LO SCONTRO CON GLI ALTRI AZIONISTI
Come se non bastasse, allo scontro tra soci e vertici della banca, si è aggiunta una faida interna agli stessi soci. Un altro gruppo, evidentemente favorevole all’ingresso in Cassa centrale, ha scritto una lettera al presidente Iacopozzi per chiedere di non fare alcun passo indietro sulle decisioni di maggio, ovvero l’adesione a Trento. Dunque rigettare il ricorso. “Come possono nove persone mettere in dubbio la presenza e il voto favorevole di migliaia di soci?” si sono chiesti nella missiva, definendo l’atto “pretestuoso e irrilevante”.
LO SCENARIO
Adesso c’è da calcolare molto bene i rischi di tale situazione. Se per esempio il tribunale dovesse accettare il ricorso (la prima udienza è a febbraio 2018) potrebbe decadere l’intero consiglio della Chiantibanca con conseguente convocazione di assemblea straordinaria per individuare il nuovo board e decidere definitivamente se aderire o meno a Cassa centrale. Sempre che, e questo appare come lo scenario peggiore, non intervenga la vigilanza di Bankitalia, commissariando l’istituto di San Casciano. C’è da fare un’altra considerazione. Un’eventuale ribaltone in Chiantibanca potrebbe arrivare proprio nel momento del rush finale di Cassa centrale verso il riassetto cooperativo, il cui termine è previsto per la seconda metà del 2018. Anche per questo ieri il presidente dell’istituto trentino Giorgio Fracalossi è stato molto chiaro sulla vicenda.
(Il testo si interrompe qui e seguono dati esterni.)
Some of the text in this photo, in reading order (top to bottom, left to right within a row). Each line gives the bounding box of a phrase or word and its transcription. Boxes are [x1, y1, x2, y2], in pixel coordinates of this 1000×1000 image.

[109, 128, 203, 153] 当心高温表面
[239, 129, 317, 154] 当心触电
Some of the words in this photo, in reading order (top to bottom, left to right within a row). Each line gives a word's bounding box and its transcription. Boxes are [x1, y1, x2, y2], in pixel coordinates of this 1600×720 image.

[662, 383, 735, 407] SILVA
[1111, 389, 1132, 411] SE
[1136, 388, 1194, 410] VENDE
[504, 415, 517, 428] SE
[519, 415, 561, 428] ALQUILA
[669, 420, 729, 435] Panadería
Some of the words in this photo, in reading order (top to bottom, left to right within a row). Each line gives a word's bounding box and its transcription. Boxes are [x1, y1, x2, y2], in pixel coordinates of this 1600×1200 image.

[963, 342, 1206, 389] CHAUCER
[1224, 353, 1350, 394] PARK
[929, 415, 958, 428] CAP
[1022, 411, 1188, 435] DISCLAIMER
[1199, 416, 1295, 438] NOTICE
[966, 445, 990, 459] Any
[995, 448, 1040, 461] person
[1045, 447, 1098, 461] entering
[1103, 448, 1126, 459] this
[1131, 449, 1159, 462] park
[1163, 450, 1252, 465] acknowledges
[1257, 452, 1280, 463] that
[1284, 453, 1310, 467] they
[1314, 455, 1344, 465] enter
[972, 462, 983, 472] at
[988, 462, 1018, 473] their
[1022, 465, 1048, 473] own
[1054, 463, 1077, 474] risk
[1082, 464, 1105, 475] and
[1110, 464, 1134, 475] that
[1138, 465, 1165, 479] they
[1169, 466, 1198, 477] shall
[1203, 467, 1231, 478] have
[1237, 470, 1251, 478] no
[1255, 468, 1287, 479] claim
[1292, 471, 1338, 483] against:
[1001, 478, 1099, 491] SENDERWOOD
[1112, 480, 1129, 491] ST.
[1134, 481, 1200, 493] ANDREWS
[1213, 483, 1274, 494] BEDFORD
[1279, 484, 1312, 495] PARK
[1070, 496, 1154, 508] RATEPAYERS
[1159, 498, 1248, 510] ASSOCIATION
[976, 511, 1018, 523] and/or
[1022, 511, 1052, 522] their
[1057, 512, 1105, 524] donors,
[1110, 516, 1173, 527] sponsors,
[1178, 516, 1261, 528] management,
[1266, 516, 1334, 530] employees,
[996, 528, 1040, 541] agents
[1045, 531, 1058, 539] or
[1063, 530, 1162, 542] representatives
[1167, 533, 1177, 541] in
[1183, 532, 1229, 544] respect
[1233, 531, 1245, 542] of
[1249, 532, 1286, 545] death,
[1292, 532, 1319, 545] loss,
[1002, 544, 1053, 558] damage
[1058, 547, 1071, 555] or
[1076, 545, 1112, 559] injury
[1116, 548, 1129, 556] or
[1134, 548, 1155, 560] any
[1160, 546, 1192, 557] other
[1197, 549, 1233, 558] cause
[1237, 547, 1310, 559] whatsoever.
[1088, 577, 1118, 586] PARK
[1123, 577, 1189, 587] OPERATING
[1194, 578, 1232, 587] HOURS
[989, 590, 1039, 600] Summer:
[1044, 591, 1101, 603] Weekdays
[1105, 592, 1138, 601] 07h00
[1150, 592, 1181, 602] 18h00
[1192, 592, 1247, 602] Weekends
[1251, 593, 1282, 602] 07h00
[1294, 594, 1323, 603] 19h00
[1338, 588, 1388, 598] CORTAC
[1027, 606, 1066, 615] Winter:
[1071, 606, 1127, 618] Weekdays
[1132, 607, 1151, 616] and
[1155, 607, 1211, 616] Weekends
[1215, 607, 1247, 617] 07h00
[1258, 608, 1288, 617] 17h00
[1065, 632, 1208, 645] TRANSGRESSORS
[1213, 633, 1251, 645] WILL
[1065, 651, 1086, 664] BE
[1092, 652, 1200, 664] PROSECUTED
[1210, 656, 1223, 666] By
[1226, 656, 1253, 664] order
TRENTO AVVISA SAN CASCIANO
Intervenendo al meeting delle bcc aderenti, a Milano, Fracalossi si è detto pronto a tutelare gli interessi della banca in tutte le sedi opportune in caso di un dietrofront di Chiantibanca. “Noi abbiamo l’adesione formale di Chiantibanca al gruppo, poi leggiamo sui giornali che forse da loro qualcuno vorrebbe uscire, ma noi aspettiamo eventi reali”. Tuttavia, “se decideranno, non sappiamo in che modo ma è un problema loro, di non far parte del gruppo, ne prenderemo atto, ma tuteleremo in tutte le sedi gli interessi del gruppo che, lo ripeto, ha un impegno formale”. D’altronde “si parla anche di interessi e danni patrimoniali”.
PENALE MILIONARIA
Sulla penale da pagare si parla di una somma che potrebbe avvicinarsi ai 100 milioni se il voltafaccia di Chiantibanca dovesse arrivare fino al punto di provocare il naufragio dell’intero progetto di seconda holding accanto a quella di Iccrea. “L’uscita di ChiantiBanca è un’eventualità a cui neppure vogliamo pensare, per noi l’impegno formale resta, aspettiamo eventi reali”, pare abbiano sibilato minacciosi i trentini. C’è di più. Fracalossi e Cassa Centrale pare non abbiano gradito che mercoledì Chiantibanca abbia all’ultimo momento disertato la convention di Milano nella quale 800 delegati delle 110 Bcc aderenti alla holding hanno di fatto varato il raggruppamento. Da San Casciano era attesa una delegazione di otto persone. La sera prima è arrivata la telefonata che non si sarebbe presentato nessuno.